Exploring the Potential of Mitochondria-Targeted Drug Delivery for Enhanced Breast Cancer Therapy.

Abstract

Breast cancer stands as the utmost prevalent malignancy in women, impacting the epithelial tissue of the breast and often displaying resistance to effective treatment due to its diverse molecular and histological features. Current treatment modalities may exhibit decreasing efficacy over time and can lead to disease progression. The mitochondria, a crucial organelle responsible for cellular metabolism and energy supply, stand highly sensitive to both heat and reactive oxygen species, presenting an assuring target for photodynamic and photothermal therapies (PTTs) in cancer cure. The employment of nanodrug carriers for combination deliveries holds promise in addressing challenges related to drug degradation and off-target toxicity.
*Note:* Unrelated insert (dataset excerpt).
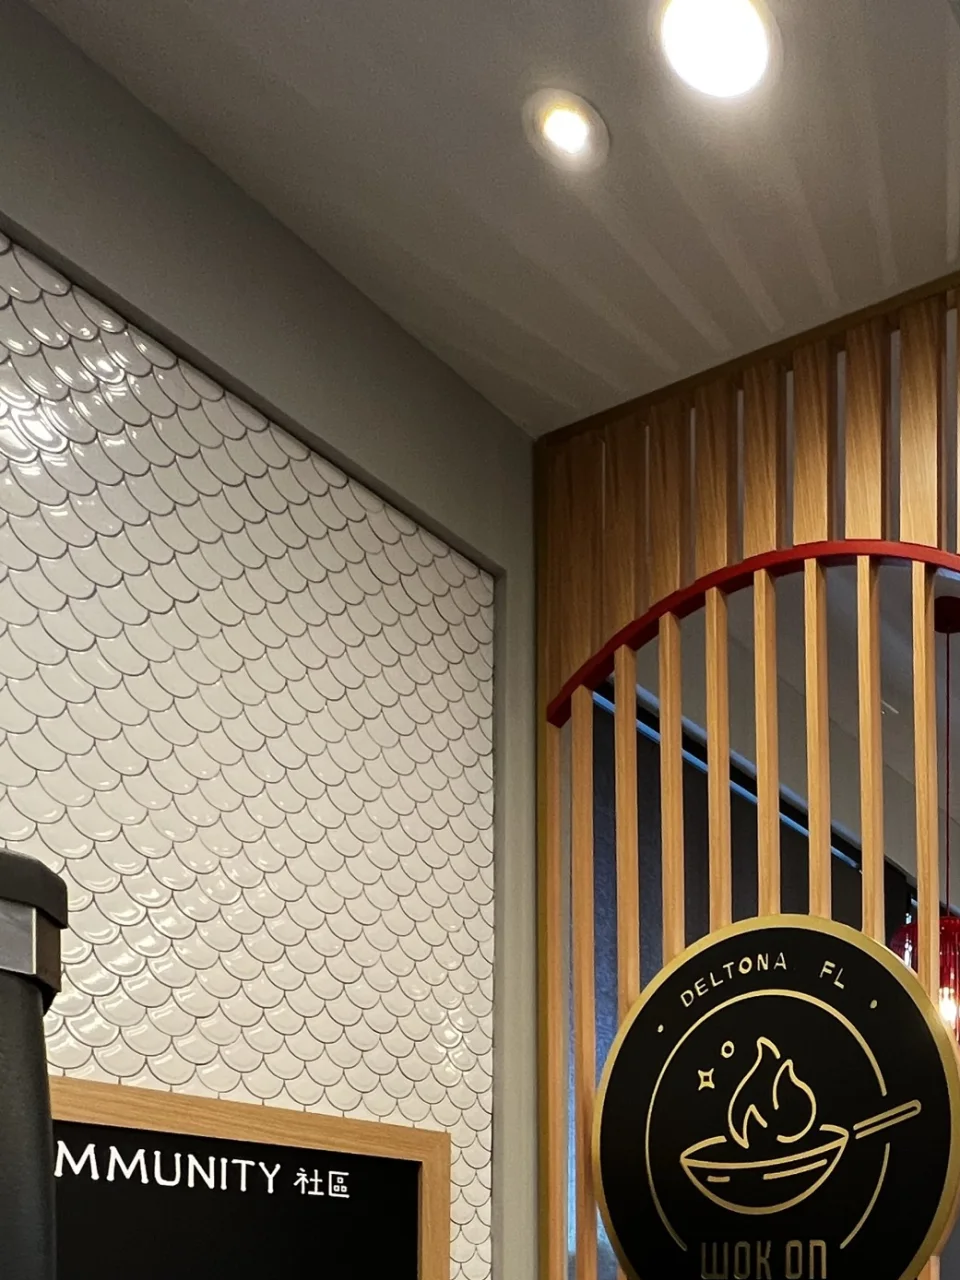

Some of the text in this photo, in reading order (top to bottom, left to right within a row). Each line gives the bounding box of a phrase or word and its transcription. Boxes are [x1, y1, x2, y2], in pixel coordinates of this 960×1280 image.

[680, 952, 845, 1008] DELTONA FL
[293, 1167, 350, 1198] 社區
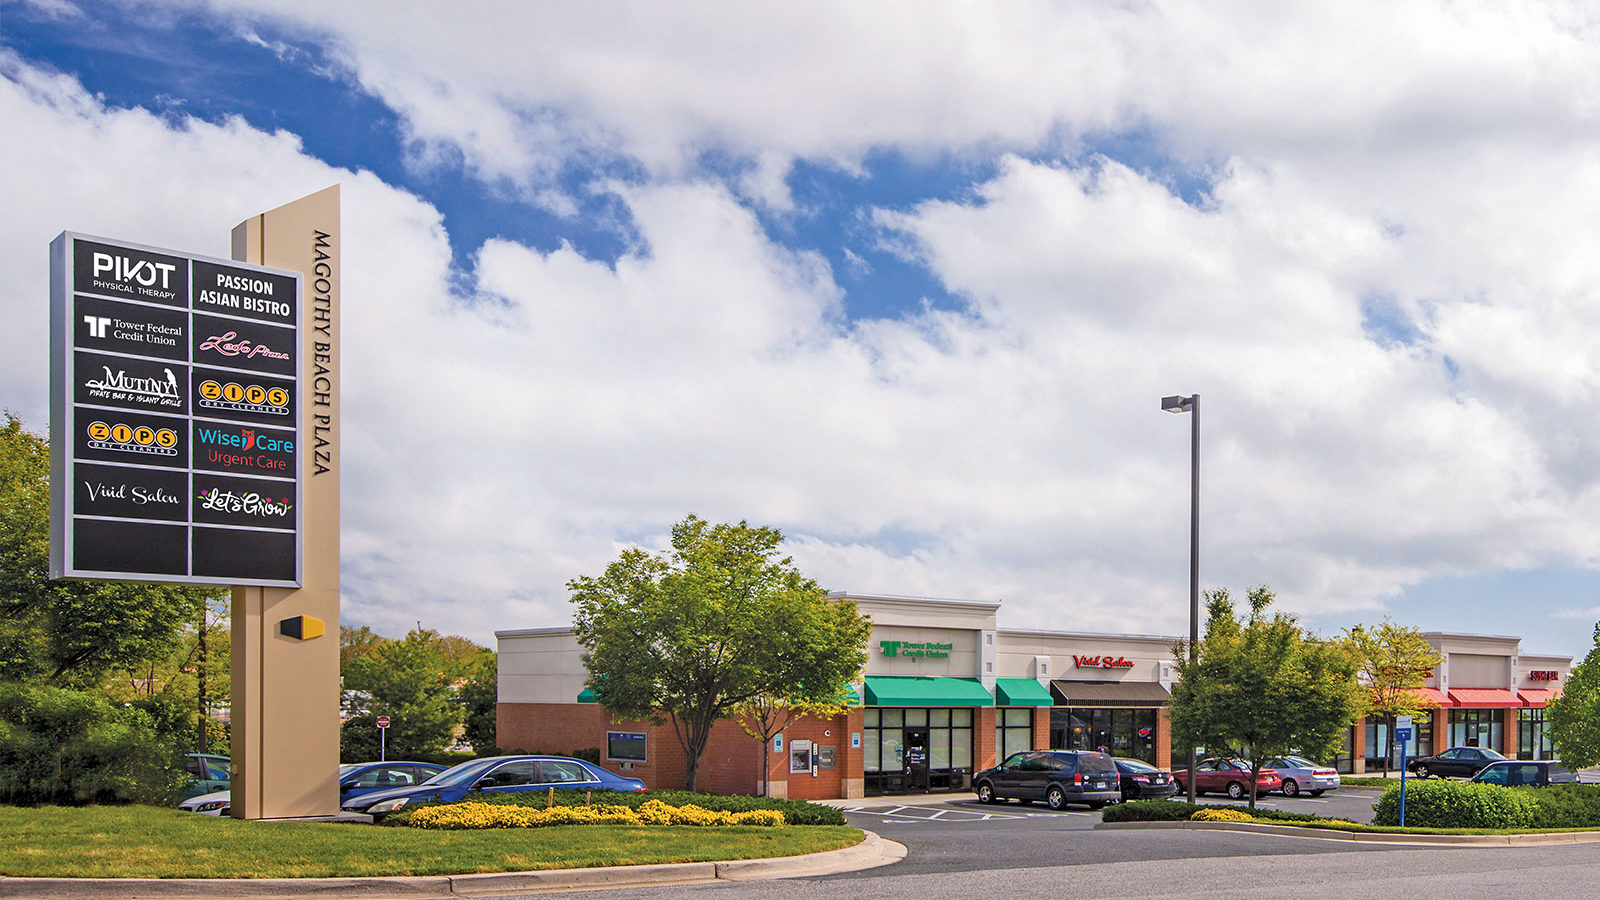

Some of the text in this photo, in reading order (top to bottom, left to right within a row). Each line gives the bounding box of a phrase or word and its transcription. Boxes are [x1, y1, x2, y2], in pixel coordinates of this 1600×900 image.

By circumventing the reticuloendothelial system, nanocarriers bolster the drug's bioavailability at the intended site and ensure controlled codelivery of multiple drugs, thereby maintaining the normal pharmacokinetic features and the regular pharmacodynamic characteristics of different therapeutic mechanisms. The precision and efficacy of this innovative technology have revolutionized drug delivery, substantially enhancing treatment effectiveness. In the pursuit of targeting mitochondrial modifications in cancer cells, various combination therapies such as photodynamic therapy (PDT), PTT, and chemodynamic therapy (CDT) have been explored. These therapies have improved the efficiency of mitochondria-targeted cancer treatment due to their advantageous properties of minimal toxicity, noninvasiveness, reduced drug resistance, and a safer profile. Our review article provides an exhaustive overview of alterations in the mitochondrial environment in BC, their impact on BC development, potential mitochondrial targets for BC treatment, nanotherapeutic approaches for targeting mitochondria, and the limitations of these approaches.